Extended Data Fig. 5: 3D conformation changes at the Fgf8 locus.

a, Sequences of the 6 CTCFs binding sites detected in the MusD-Dac1J as identified with the FIMO (Find Individual Motif Occurrences) suite. The program uses a dynamic programming algorithm to convert log-odds scores into p-values, assuming a zero-order background model. p-value < 10⁻⁴ is considered as significant and marked in bold. FIMO score and p-value are indicated for each binding site. Orange and red triangles represent sense and antisense CTCF sites respectively. b, Zoom-in from the Capture-Hi-C subtraction map between wild-type and Dac1J/Dac1J (129s2/Sv) in Fig. 3d showing the Fgf8 TAD. c, Capture-Hi-C of the Lbx1/Fgf8 locus (mm10, chr19: 45,100,000-45,900,000) from Dac1J-Bl6 E11.5 mouse limbs buds. Data show the c-HiC as merged signals of n = 2 biological and 2 technical replicates.
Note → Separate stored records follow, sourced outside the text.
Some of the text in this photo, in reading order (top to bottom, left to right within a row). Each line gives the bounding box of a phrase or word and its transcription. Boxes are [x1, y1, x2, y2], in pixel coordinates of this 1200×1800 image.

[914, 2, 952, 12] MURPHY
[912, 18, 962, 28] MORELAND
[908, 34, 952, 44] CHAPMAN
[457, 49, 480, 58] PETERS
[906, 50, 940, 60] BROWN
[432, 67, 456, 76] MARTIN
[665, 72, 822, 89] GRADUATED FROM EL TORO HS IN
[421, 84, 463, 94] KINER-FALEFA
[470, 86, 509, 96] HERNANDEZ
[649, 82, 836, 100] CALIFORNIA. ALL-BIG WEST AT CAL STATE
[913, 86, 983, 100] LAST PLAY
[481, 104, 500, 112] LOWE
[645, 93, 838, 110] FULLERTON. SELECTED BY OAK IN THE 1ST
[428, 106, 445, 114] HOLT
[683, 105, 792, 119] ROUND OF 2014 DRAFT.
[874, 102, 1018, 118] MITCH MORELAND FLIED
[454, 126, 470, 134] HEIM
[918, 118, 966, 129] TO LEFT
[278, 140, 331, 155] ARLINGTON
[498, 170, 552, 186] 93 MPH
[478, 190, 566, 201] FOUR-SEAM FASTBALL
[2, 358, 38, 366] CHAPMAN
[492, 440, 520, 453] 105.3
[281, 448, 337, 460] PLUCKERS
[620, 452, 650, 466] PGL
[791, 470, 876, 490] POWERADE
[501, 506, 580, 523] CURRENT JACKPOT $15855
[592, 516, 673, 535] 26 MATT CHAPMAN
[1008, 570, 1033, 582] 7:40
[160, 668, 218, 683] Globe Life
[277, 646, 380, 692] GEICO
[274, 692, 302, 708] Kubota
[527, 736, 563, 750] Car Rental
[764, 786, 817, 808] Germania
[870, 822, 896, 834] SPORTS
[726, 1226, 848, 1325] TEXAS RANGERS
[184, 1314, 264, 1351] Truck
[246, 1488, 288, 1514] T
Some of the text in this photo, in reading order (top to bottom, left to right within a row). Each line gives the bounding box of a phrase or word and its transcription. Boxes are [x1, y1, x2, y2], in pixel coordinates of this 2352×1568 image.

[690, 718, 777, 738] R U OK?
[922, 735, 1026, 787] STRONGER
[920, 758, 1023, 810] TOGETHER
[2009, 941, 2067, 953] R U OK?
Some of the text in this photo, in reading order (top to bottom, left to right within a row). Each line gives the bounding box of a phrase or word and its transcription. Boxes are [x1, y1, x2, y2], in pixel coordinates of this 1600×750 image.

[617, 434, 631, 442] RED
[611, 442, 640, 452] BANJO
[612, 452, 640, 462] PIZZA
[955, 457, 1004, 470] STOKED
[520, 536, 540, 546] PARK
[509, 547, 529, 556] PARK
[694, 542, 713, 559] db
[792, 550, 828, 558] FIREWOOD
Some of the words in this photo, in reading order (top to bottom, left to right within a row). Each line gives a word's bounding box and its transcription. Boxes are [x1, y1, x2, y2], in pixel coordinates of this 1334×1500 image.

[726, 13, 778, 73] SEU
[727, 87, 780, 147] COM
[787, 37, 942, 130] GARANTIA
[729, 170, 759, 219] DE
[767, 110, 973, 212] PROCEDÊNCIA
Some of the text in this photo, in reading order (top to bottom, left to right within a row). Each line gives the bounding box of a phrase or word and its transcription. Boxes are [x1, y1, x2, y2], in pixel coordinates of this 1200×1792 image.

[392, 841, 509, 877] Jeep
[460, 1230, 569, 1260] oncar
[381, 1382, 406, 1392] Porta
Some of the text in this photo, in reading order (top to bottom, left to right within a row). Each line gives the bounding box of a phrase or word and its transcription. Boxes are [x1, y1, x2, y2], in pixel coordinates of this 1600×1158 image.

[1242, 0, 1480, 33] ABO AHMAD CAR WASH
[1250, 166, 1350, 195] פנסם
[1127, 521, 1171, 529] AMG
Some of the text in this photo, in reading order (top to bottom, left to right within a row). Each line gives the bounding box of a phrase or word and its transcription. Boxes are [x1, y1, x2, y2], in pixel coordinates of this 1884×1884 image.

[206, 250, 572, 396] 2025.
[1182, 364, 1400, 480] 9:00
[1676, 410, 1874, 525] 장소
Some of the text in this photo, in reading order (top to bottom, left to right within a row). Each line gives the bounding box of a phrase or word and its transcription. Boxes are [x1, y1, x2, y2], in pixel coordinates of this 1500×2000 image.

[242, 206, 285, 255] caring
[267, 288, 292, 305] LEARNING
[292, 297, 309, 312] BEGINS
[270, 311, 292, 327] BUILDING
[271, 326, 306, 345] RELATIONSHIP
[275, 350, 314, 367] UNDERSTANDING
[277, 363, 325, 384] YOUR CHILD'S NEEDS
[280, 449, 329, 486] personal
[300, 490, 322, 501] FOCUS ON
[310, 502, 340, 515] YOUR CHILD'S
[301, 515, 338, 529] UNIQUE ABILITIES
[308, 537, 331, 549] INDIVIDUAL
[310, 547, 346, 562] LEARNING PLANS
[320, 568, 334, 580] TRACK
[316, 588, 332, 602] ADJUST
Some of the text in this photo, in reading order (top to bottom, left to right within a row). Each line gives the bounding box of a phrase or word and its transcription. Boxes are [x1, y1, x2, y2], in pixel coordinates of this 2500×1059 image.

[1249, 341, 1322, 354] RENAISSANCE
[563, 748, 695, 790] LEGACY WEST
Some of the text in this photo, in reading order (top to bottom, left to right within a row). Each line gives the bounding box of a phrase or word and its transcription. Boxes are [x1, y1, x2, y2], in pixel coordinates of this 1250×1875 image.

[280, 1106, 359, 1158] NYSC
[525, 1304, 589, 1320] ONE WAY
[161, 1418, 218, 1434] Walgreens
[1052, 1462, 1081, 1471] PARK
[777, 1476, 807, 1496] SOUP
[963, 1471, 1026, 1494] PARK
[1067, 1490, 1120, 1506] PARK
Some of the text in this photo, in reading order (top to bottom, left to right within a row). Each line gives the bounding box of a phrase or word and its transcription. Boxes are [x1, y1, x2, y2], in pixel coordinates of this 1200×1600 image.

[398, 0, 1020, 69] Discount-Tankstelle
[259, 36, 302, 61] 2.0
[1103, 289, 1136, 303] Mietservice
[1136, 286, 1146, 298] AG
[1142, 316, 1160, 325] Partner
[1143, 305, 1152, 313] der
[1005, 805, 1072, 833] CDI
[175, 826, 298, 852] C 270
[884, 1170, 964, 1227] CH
Subtraction maps between mutants and wild-type show gain (red) and loss (blue) of interaction in the mutant compared to the wild-type. d, CTCF ChIP-sequencing from forelimbs at E10.5 and E11.5 showing tracks at the Fgf8 locus. e, CpG DNA methylation status of 19 CpGs in the MusD-Dac1J 5’LTR from E11.5 Dac1J/Dac1J (129s2/Sv) hearts (left) and E11.5 5’LTR-LacZ KI/WT limbs (right). f, Skeletal analysis of E18.5 5LTR-LacZ KI +/- forelimbs stained with alcian blue (cartilage) and alizarin red (bone). Scale bars 1 mm, n = 8/8 show a similar phenotype.